**** DATASET EXTRACT
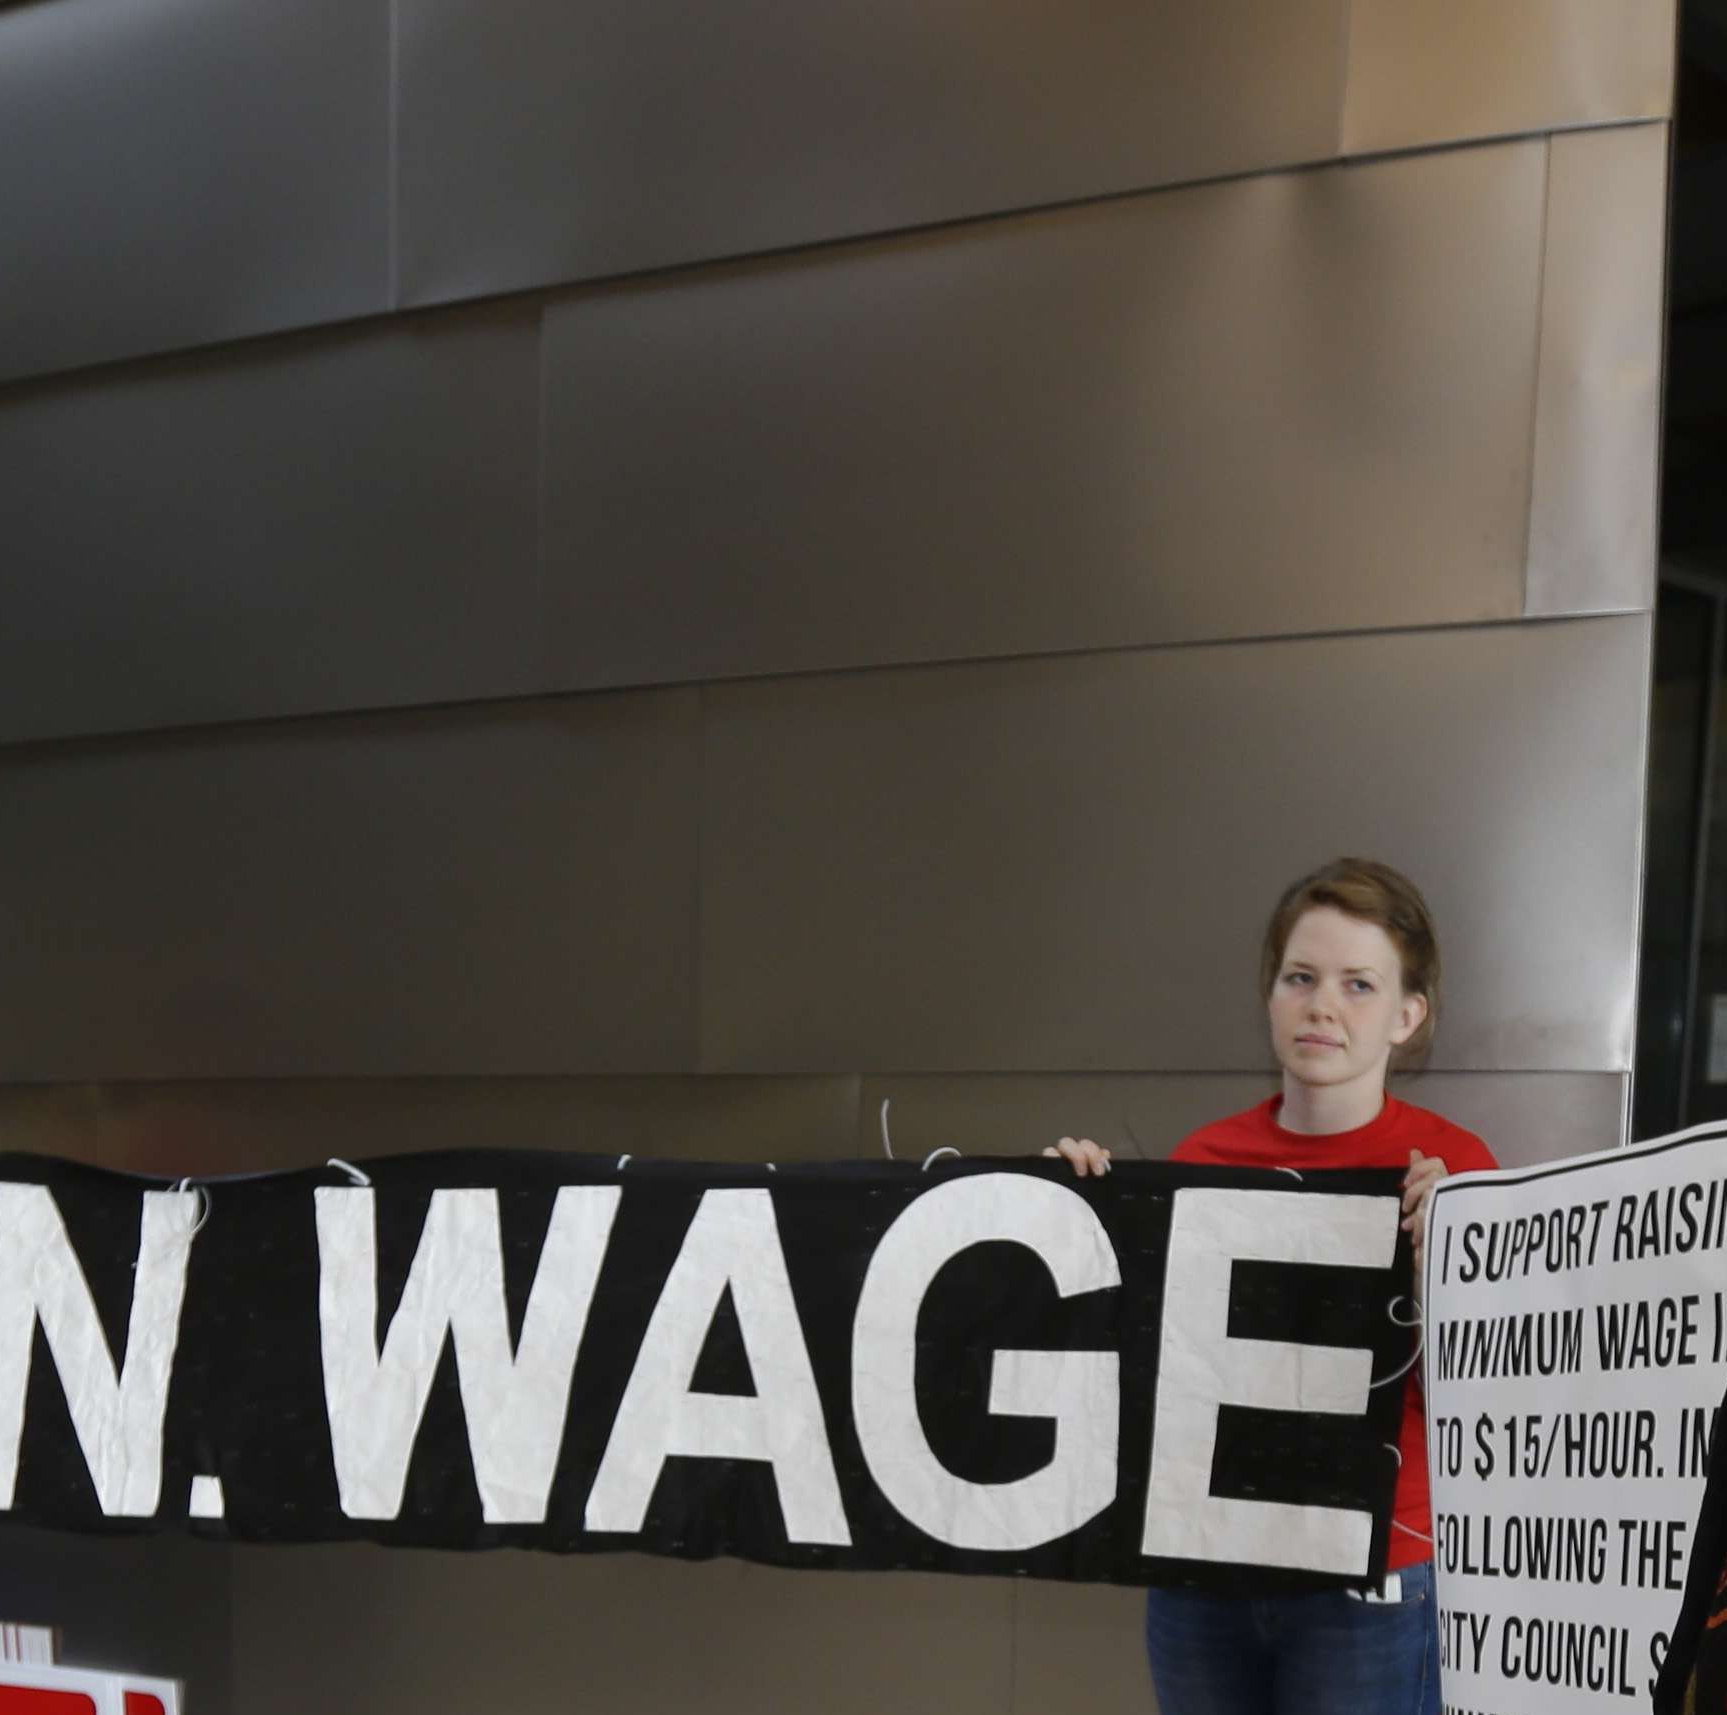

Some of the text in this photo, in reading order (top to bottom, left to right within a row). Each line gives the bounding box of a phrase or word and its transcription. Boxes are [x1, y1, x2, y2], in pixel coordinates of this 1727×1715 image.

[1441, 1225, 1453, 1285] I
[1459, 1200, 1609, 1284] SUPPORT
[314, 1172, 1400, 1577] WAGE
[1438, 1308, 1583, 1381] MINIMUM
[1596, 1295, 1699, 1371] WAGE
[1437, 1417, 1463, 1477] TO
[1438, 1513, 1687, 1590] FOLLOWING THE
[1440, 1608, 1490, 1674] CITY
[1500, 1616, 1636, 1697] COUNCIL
********
EXERCISE INSTRUCTIONS =
Go through the entries above and write them out again exactly, images left behind.

OUTPUT OF THE EXERCISE =
Some of the text in this photo, in reading order (top to bottom, left to right within a row). Each line gives the bounding box of a phrase or word and its transcription. Boxes are [x1, y1, x2, y2], in pixel coordinates of this 1727×1715 image.

[1441, 1225, 1453, 1285] I
[1459, 1200, 1609, 1284] SUPPORT
[314, 1172, 1400, 1577] WAGE
[1438, 1308, 1583, 1381] MINIMUM
[1596, 1295, 1699, 1371] WAGE
[1437, 1417, 1463, 1477] TO
[1438, 1513, 1687, 1590] FOLLOWING THE
[1440, 1608, 1490, 1674] CITY
[1500, 1616, 1636, 1697] COUNCIL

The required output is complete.